By combining an instant method for RNA isolation with gene quantification by Taqman real-time quantitative PCR, a highly sensitive and reproducible method for the study of gene expression in staphylococci in response to changing environmental conditions was developed. Rapid extraction of the mRNA with direct fixation of the RNases is necessary due to the very short half-life of mRNA. For this reason, protocols based on enzymatic digestion of the bacteria are not appropriate in gene expression experiments (2). Given the high contamination with gDNA in conventional methods for RNA extraction in staphylococci, further RNA purification and DNase treatment are indispensable. With this protocol, gDNA contamination was at least 2 log units lower than the cDNA concentration. In contrast to the conventional techniques for mRNA quantification (14, 35), Taqman quantitative PCR permits the detection of both small quantities of mRNA (as few as 10 copies in a sample) and small changes in expression. The average intersample variability for in vitro experiments was 16%.

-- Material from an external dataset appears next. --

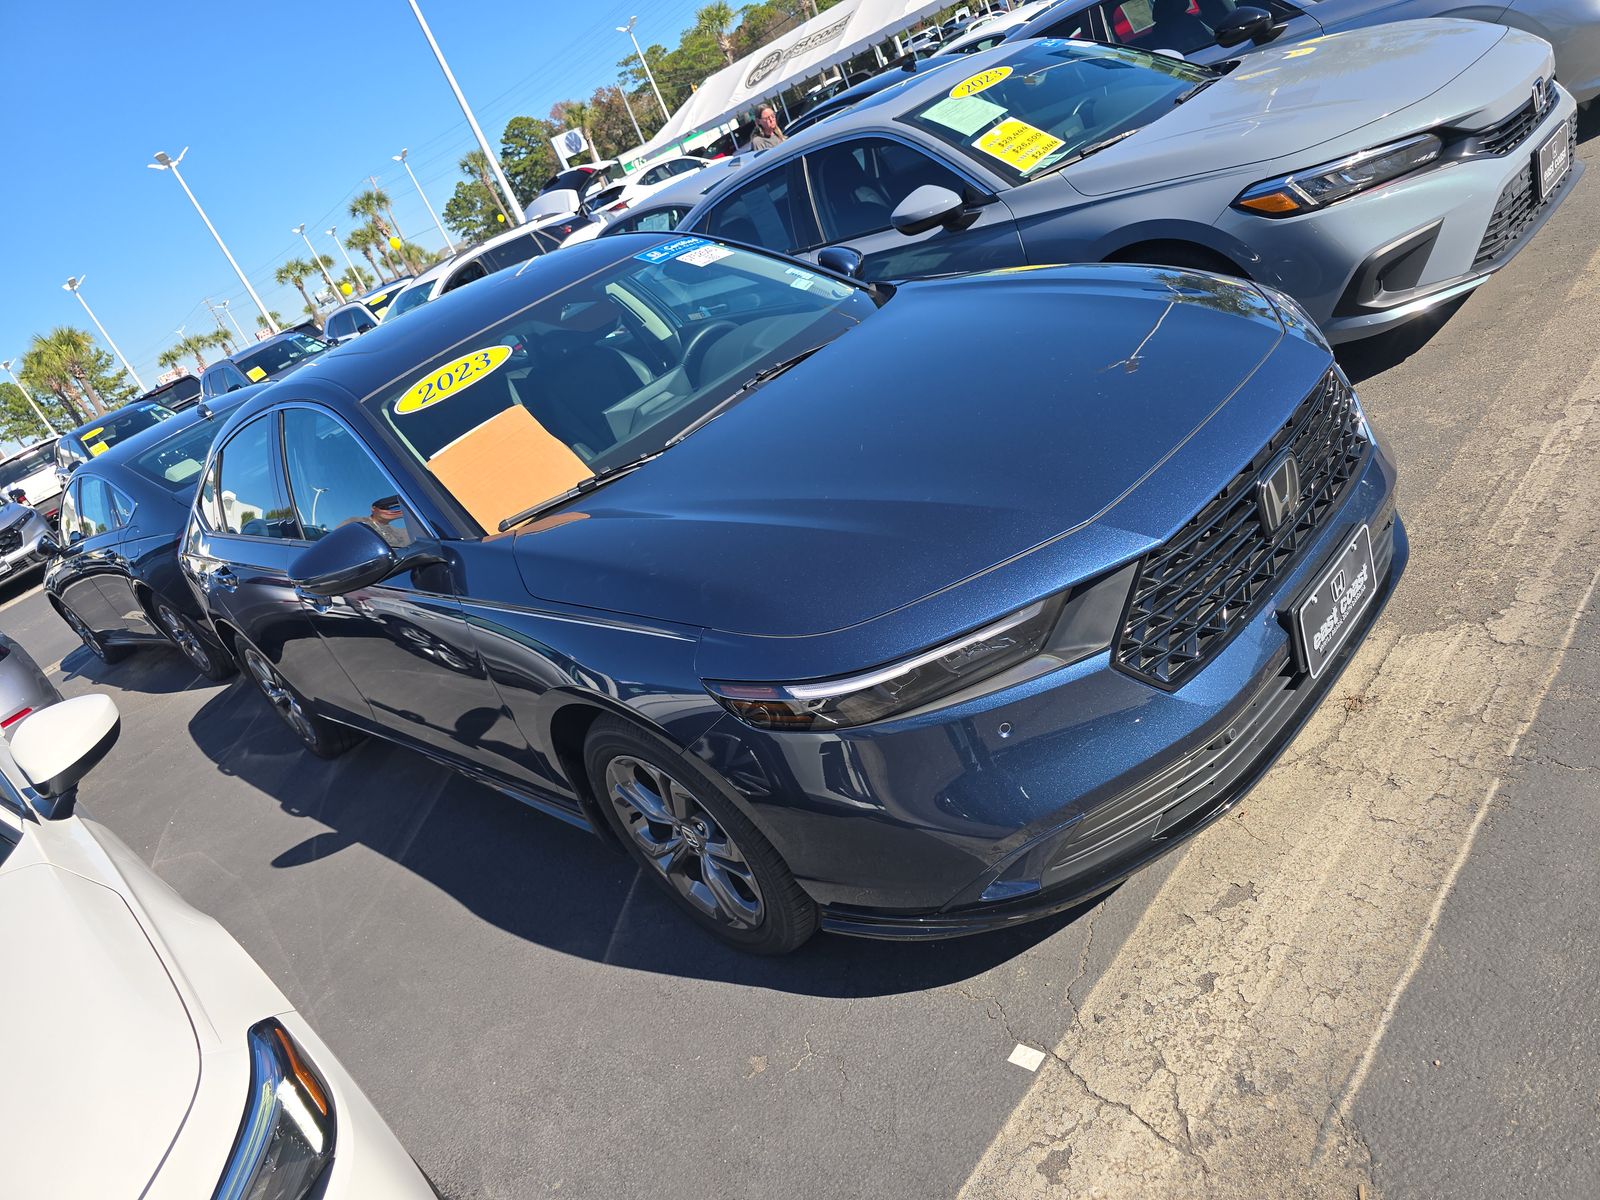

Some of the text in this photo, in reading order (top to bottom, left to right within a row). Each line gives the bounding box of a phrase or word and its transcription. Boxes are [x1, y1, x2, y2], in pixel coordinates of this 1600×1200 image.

To validate this method, the expression of the selected housekeeping genes and the hsp-60 gene after a heat shock of 10°C given for 10 min was investigated. Heat shock proteins and the heat shock response have been extensively studied in Escherichia coli (10, 37). The heat shock response in S. aureus seems to be quite similar (27). Although heat shock proteins in S. aureus and in CNS are very similar (18), very little is known about the heat shock response in CNS. In comparison with data in other studies, the ninefold increase in hsp-60 expression (P < 0.00001) after a increase in the temperature for 10 min from 37 to 47°C seems very acceptable. In E. coli the up-regulation of dnaK expression at the mRNA level reaches a maximum at about 6 min after initiation of the heat shock and then declines to a value of about 8 to 10 times the baseline expression after 10 min (37). Although an extensive study of the heat shock response in S. epidermidis is beyond the scope of our paper, we are the first to document this increase in hsp-60 expression directly after heat shock in S. epidermidis. The only study that briefly dealt with the heat shock response in S. epidermidis used less-sensitive and only semiquantitative protein assays, and found comparable changes (27). Also, the slight decrease in gmk gene expression after heat shock is logical in view of the current understanding of the bacterial heat shock response (10, 37).

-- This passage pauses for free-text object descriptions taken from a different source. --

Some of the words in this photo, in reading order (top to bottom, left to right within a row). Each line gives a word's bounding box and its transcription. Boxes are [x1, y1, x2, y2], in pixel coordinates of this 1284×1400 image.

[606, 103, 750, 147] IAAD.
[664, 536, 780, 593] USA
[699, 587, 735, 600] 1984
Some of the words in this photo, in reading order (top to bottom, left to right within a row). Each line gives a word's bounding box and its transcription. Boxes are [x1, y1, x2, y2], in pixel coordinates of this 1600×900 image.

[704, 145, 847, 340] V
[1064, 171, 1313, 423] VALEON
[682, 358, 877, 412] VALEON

When glucose was added to a stationary-phase culture after 24 h of incubation, the expression of all housekeeping genes increased 1.4- to 7.3-fold. The only previous studies to which these results could be compared are studies on starvation recovery (3, 36). In contrast to a culture starved for 1 week, in which the majority of staphylococci have died, most bacteria in a stationary-phase culture remain viable (3). In studies on starvation recovery in S. aureus, addition of glucose and amino acids to a starved culture resulted in a strong increase in mRNA synthesis (3). The relatively high increase in our experiments in hsp-60 gene expression (7.3-fold) compared to that of the other genes may suggest that recovery from stationary-phase culture is mediated not only by de novo mRNA transcription and transcription from long-standing RNA as previously described (3) but also by the refolding and reactivation of denatured proteins in the cytoplasm. This hypothesis is consistent with the key function of the chaperonin hsp-60 in protein assembling and reassembling under stress conditions (10).

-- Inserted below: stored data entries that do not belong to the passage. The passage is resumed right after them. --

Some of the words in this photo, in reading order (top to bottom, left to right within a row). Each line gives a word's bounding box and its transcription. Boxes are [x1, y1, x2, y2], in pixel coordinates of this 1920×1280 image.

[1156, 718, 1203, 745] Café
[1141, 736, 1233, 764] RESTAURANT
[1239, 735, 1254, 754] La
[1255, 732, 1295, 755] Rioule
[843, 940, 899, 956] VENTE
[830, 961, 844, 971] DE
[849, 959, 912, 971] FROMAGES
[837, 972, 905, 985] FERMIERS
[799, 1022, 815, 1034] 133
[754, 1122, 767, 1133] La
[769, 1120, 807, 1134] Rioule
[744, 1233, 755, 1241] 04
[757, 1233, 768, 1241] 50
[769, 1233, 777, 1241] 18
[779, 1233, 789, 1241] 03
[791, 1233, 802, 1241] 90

Finally, the expression of these five housekeeping genes during in
vitro exponential and stationary growth was explored. The amount of 16S
rRNA per bacterial cell was much greater than the amount of other
mRNA at every time point, which is consistent with previous
findings for E. coli that indicated that during the
exponential-growth phase ribosomal content may comprise as much as 40%
of cell mass (23). A rapid up-regulation of all genes was followed by a marked decrease in expression varying from
297-fold for the hsp-60 gene to 112-fold for the DHFR gene. Similar large changes in total mRNA production have been observed in S. aureus after starvation recovery (3).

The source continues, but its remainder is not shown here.